ことにより損傷解析を支援することを目的とした。

まず、定量的破面解析に用いられるパラメータとして、既存の破面特徴量について調査している。その結果、これらのパラメータのうち、破面の定量化の効果と意義を確認しやすいテクスチャ統計量と表面性状(粗さ)を代表的なパラメータして取り上げ、破面解析技術の要素技術として位置付け、その適用化検討を行っている。

実機で生じる破面は、破面集などに記載されている典型的な破面とは様相を異にすることが多い。よってまず破壊原因に起因する破面性状の相違を、テクスチャ解析により自動分離する手法を提案している。現在、損傷調査現場で破面解析によく利用されている走査型電子顕微画像は、コントラストや明るさの影響を受ける。そこで、コントラストや明るさの影響を受けにくいエッジを濃淡画像から抽出し、破面の定量解析を実施する手法を提案している。破面から抽出されたエッジ画像に対して、エッジとエッジの間隔を統計量として評価すれば、破面の特徴が捉えられると考えている。ここでは医療分野などの画像処理で用いられるランレングス統計量の導入を試みている。疲労破壊と急速破壊の破面でランレングス統計量を算出したところ、ランレングス統計量は破面性状に依存することが判明した。したがって、この統計量を用いれば、熟練者の主観に頼ることなく、両破面を分離することが可能であることを明らかにした。

次に、破面集に記載されているような典型的破面が得られる場合、さらなる詳細情報として作用荷重レベルを推定する手法を提案している。構造物の破壊は、供用中に生じた疲労き裂が成長し最終破壊に至るケースが多いことから、本研究ではストレッチゾーンに着目した。ストレッチゾーンは、部材に発生した疲労き裂が過大荷重を受け、急速破壊に遷移する過程で、疲労き裂の先端が引き伸ばされることにより形成される。このストレッチゾーンの幅は、弾塑性破壊靭性値とよい相関があることが知られているため、ストレッチゾーン幅の定量的評価法を提案した。ストレッチゾーンが形成されるプロセスを分析し、ストレッチゾーン内では表面粗さが小さくなることに注目した。ストレッチゾーンを挟む破面の算術平均粗さを計測し、粗さの相対的変化を利用したストレッチゾーン幅を決定する手法を提案した。次に、炭素鋼配管から採取した試験片に対して弾塑性破壊靭性試験を実施し、この破面に本手法を適用した。従来知見であるJ積分値とストレッチゾーン幅の関係を用いて検証したところ、本手法での評価結果は従来知見のばらつき内であることを確認した。この結果、ストレッチゾーンが観察される場合、本手法を用いれば破面から定量的に破壊靭性値を求めることができるようになった。また、破壊靭性値から破壊荷重レベルを推測する手順についても本論文中に示した。

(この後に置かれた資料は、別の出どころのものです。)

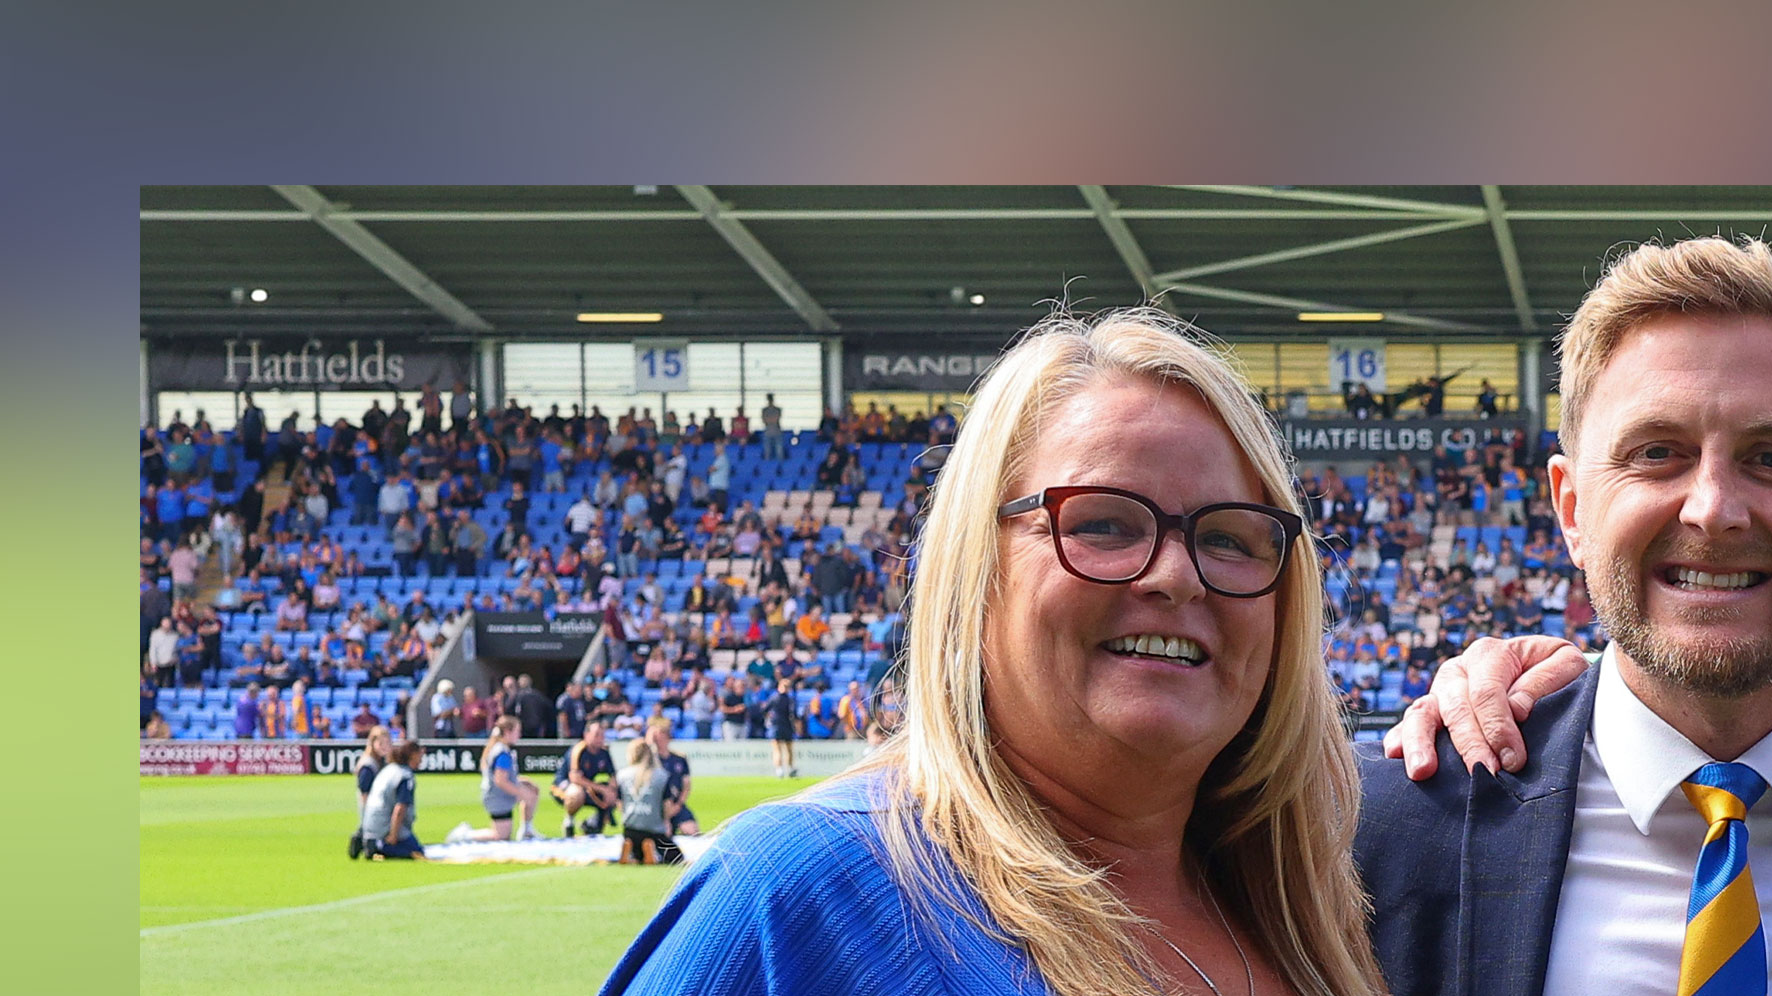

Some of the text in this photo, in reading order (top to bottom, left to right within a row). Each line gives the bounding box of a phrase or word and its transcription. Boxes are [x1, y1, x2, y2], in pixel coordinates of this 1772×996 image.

[224, 338, 405, 384] Hatfields
[642, 349, 682, 379] 15
[1337, 349, 1376, 379] 16
[418, 748, 456, 771] ushi
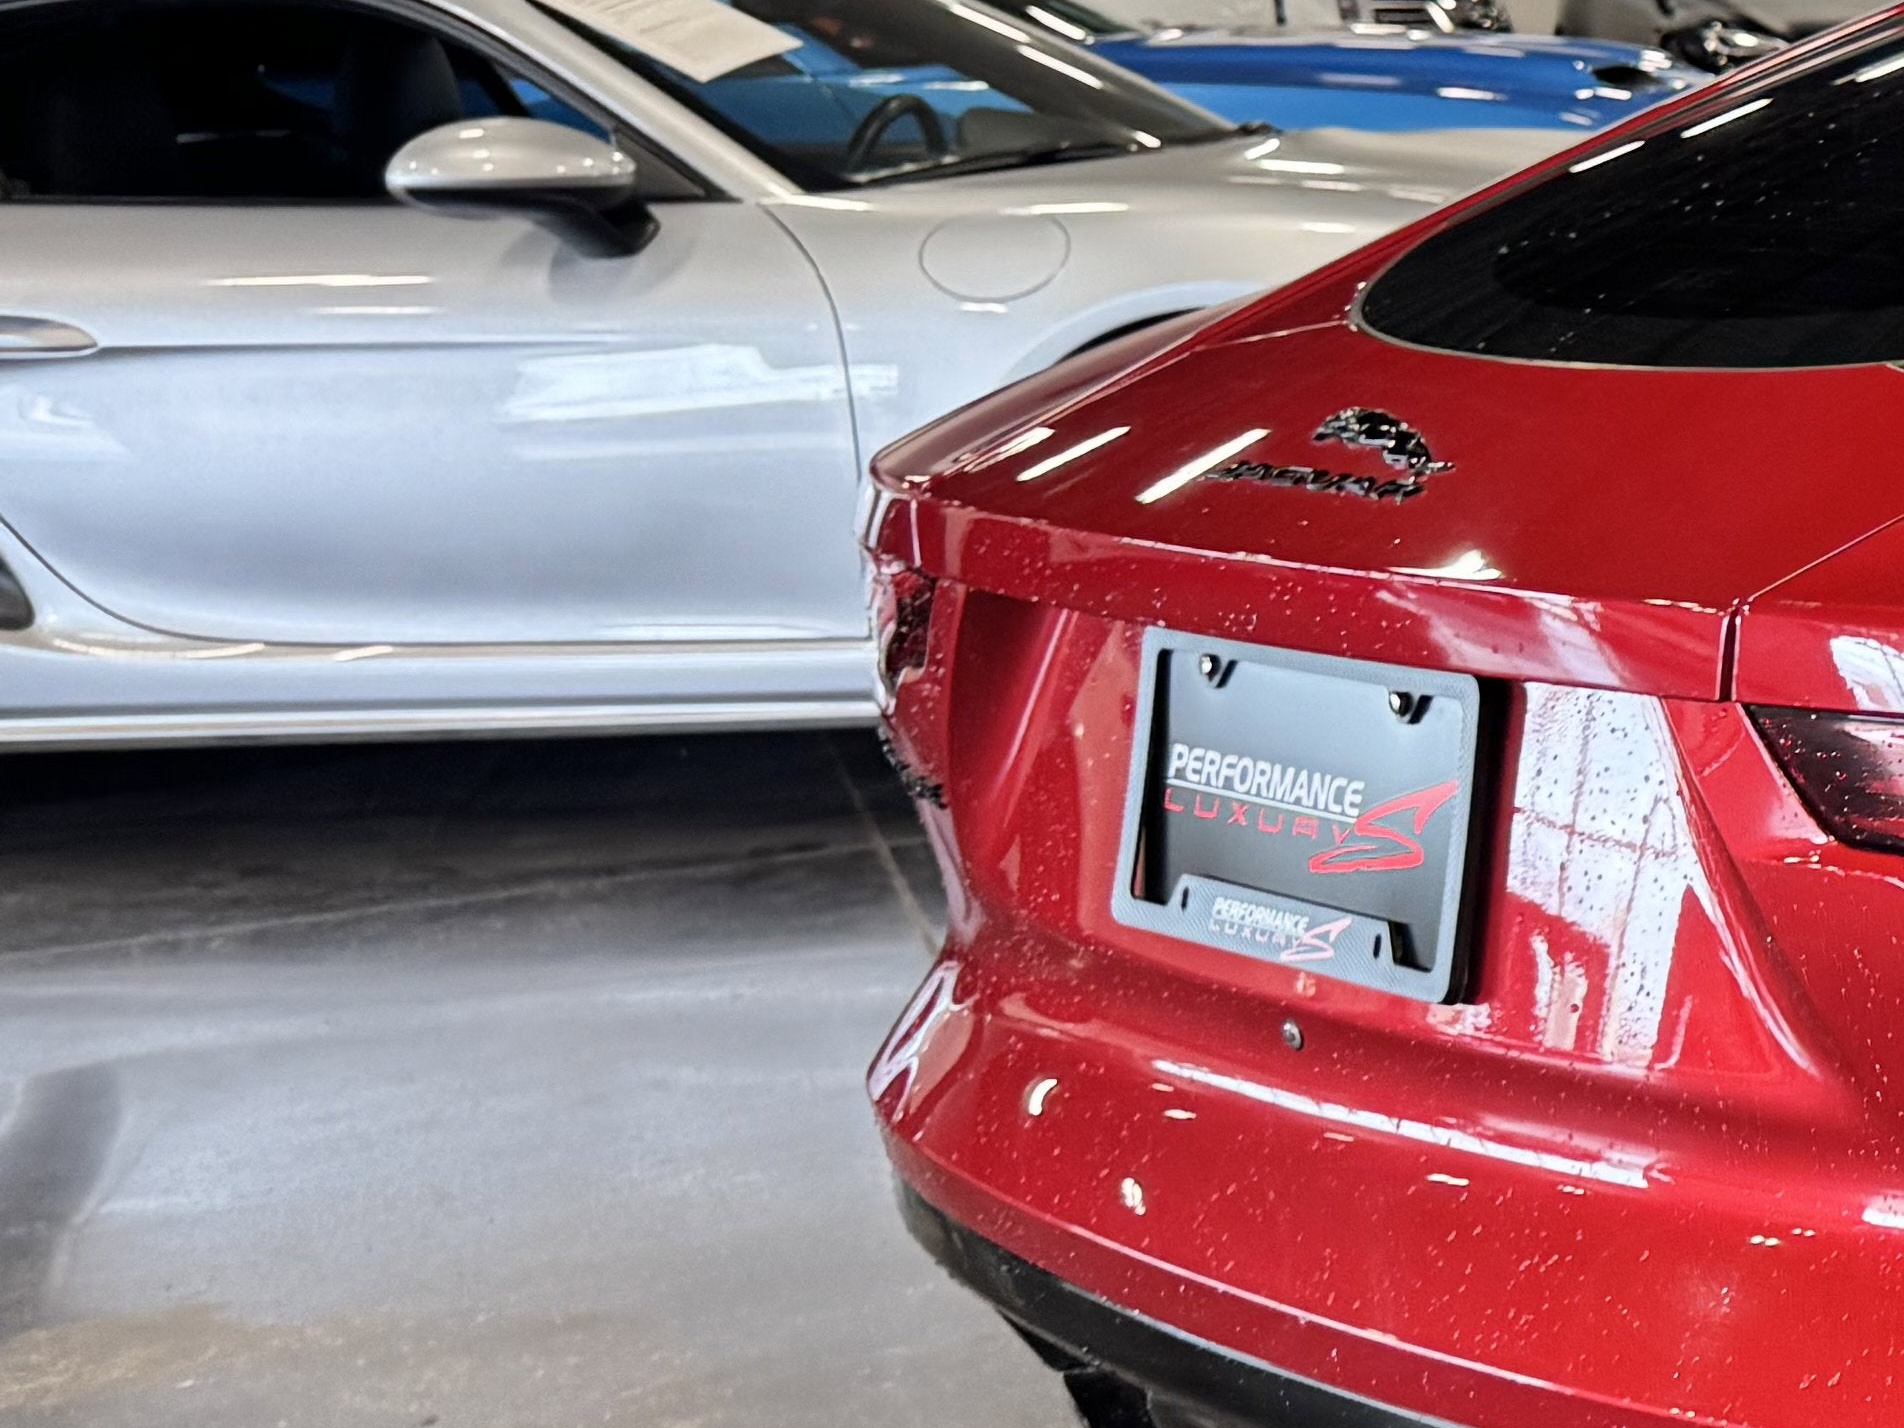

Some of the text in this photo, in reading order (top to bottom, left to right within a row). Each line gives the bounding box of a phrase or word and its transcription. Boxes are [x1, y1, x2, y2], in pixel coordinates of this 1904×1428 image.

[1168, 743, 1365, 817] PERFORMANCE
[1163, 788, 1351, 844] LUXURY
[1212, 897, 1310, 936] PERFORMANCE

最後に、以上のような要素技術を用いて破面を評価した結果を体系的に整理することができ、なおかつ経験の浅い観察者や研究者の破面解析を支援するデータベースシステムを構築した。本システムには通常のデータベースとしての機能のほかに破面の特徴量を計算するプログラムを搭載した。開発したシステムでは、破面から抽出した特徴量をもとに破面画像を検索し、類似画像の検索を支援するシステムとした。複数ある破面特徴量の選択法や、類似判定のための特徴量範囲設定など、本システムにより損傷品からの損傷原因推定を客観的にかつ迅速に行うことが可能となり、損傷問題の早期解決が可能となった。また、破面解析を行うと、自動的にデータがデータベースに投入されるから、データ管理の問題も解決できる。新たに生じる破面の解析のための参考データとして活用でき、データの再利用性が向上することを示した。

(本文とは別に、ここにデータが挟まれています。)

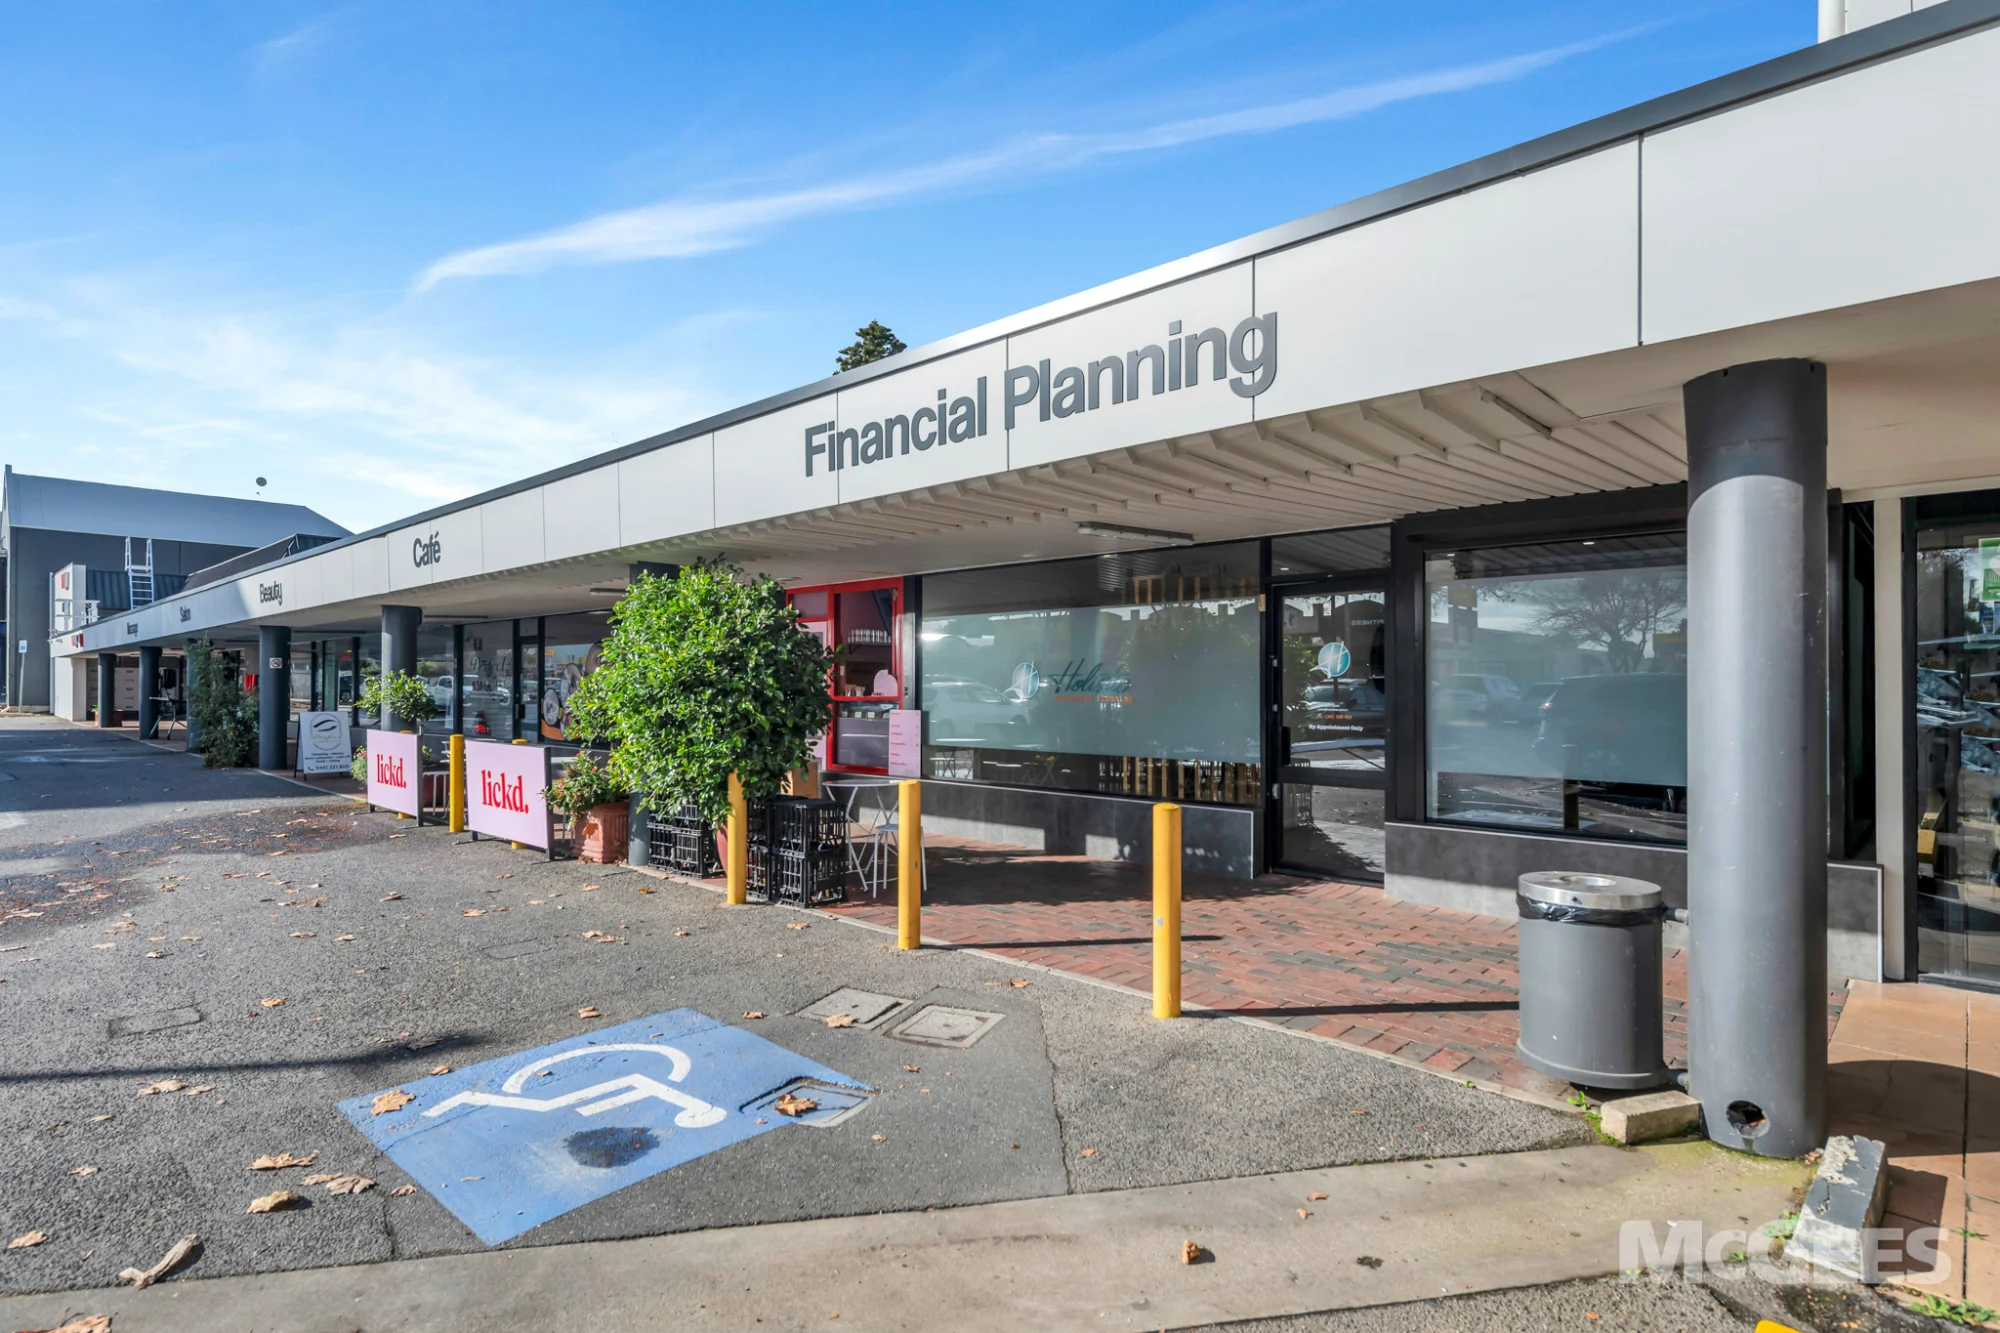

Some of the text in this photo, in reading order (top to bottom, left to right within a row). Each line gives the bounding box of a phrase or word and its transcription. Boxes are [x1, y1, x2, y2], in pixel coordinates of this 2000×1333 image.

[805, 311, 1278, 478] Financial Planning
[413, 530, 441, 568] Café
[260, 581, 282, 606] Beauty
[376, 753, 407, 789] lickd.
[481, 769, 529, 814] lickd.

以上のように、本研究では、定量的破面解析手法を新たに開発し、これを援用した損傷原因推定技術を新たに開発するものである。開発された手法は、機械構造物の信頼性確保のためのリスクベース評価にも適用可能であり、幅広く展開できるものと考えられる。将来的には、専門家に変わってシステムが結論を下してくれるようなエキスパートシステムへの展開も期待できる。

よって本論文は博士(工学)の学位請求論文として合格と認められる。